4.2.2. Object Detection on AITOD
Setting: We evaluate the remote sensing object detection performance of FSSC-Net on the AITOD dataset, which is specifically designed for aerial image target detection and contains densely distributed objects with extreme scale variations. AITOD focuses on small and very small targets captured from high-altitude platforms, posing significant challenges in terms of feature representation and localization accuracy. Backbone networks are pretrained on ImageNet with an input resolution of 224 × 224 and then incorporated into the detection framework. Following common practice in remote sensing detection, Cascade R-CNN is adopted as the detection architecture to ensure strong localization refinement for small objects. During training, a multi-scale strategy is employed to accommodate large variations in object size. Input images are resized by randomly sampling the shorter side within a predefined range while constraining the longer side to a fixed maximum resolution to balance accuracy and computational cost. The models are optimized using the AdamW optimizer with an initial learning rate of 0.0001, a weight decay of 0.05, and a batch size of 16. All models are trained under a 3× schedule. Evaluation is conducted using standard detection metrics, including AP, AP50, and AP75, with additional emphasis on small-object performance to reflect the characteristics of the AITOD dataset. Model complexity is further analyzed in terms of parameter count and FLOPs.
Results: As shown in
Table 5, FSSC-Net achieves an overall AP of 30.4 on the AITOD dataset, demonstrating superior performance among CNN-based detectors and competitive results compared with recent remote sensing-oriented methods. The model further obtains 62.2 AP
50 and 25.9 AP
75, indicating robust detection and reliable localization under varying IoU thresholds in aerial imagery. At the category level, FSSC-Net exhibits clear advantages on representative remote sensing targets characterized by small object size and dense spatial distribution, including airplanes (39.8 AP), storage tanks (51.7 AP), ships (47.6 AP), and swimming pools (37.0 AP). These gains suggest that the proposed frequency–spatial fusion strategy effectively preserves fine-grained structural and boundary cues that are often degraded in deep feature hierarchies of aerial images. Overall, the results confirm that FSSC-Net is well-suited for remote sensing object detection, particularly in complex aerial scenes dominated by small-scale targets, validating its effectiveness on the AITOD benchmark.

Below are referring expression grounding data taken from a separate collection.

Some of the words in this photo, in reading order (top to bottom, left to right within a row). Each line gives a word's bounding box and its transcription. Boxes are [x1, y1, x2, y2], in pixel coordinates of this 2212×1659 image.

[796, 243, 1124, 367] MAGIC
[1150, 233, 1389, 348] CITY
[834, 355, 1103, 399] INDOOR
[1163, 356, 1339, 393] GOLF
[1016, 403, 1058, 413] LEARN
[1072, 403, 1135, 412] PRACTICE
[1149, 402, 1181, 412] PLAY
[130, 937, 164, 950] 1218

4.3. Semantic Segmentation on ADE20K
Setting: We evaluate the semantic segmentation performance of FSSC-Net on the widely used ADE20K dataset [
63], which comprises 25 K high-quality images with pixel-level annotations, including 20K for training, 2 K for validation, and another 3 K for testing. The dataset covers 150 semantic categories across diverse indoor and outdoor scenes. For the segmentation framework, we adopt UPerNet [
64] as the base architecture and follow standard training and evaluation protocols. All input images are resized to a resolution of 512 × 512 during training.
Results: As shown in
Table 6, FSSC-Net demonstrates competitive performance on the semantic segmentation task. When employed as the backbone in the UPerNet framework, it achieves higher or comparable accuracy relative to several state-of-the-art methods. Specifically, FSSC-Net outperforms MambaVision-T and Swin-Tiny by 0.2% and 0.4% in mIoU, respectively, further validating the effectiveness and generalizability of the proposed frequency–spatial fusion mechanism in dense prediction tasks. These results demonstrate that FSSC-Net effectively improves the model’s ability to capture and integrate multi-scale semantic information, thereby enabling more accurate and coherent pixel-level predictions in complex visual scenes.
4.4. Ablation Study
This section presents a series of ablation experiments aimed at investigating the role and individual contributions of each component within the proposed TGCFM mechanism. To this end, we incorporate TGCFM into the Swin-T and systematically evaluate the impact of various design choices on overall model performance. Due to computational resource constraints, all ablation studies are conducted on the image classification task. The training protocol follows the settings described in previous sections, using the ImageNet dataset with a total of 300 training epochs
4.4.1. Analysis of DFSM and TGCFM
In this section, we conduct ablation studies to evaluate the effectiveness of the TGCFM, focusing on the necessity of the Dynamic Frequency Selection Module and the TGCFM. For DFSM, we perform image classification experiments using both fixed masks and learnable soft masks to assess the flexibility and adaptability of frequency-domain modeling. For TGCFM, we compare it with a baseline approach that fuses features via channel-wise concatenation followed by a 1 × 1 convolution, aiming to validate the effectiveness of the proposed spatial–frequency collaborative fusion strategy. As shown in
Table 7, in the frequency modeling component, the introduction of soft masks significantly improves classification performance, demonstrating the critical role of DFSM in enhancing frequency feature representation. In the spatial–frequency fusion part, the TGCFM, equipped with cross-attention, consistently outperforms the baseline across multiple metrics, confirming its importance in feature alignment and enhancement.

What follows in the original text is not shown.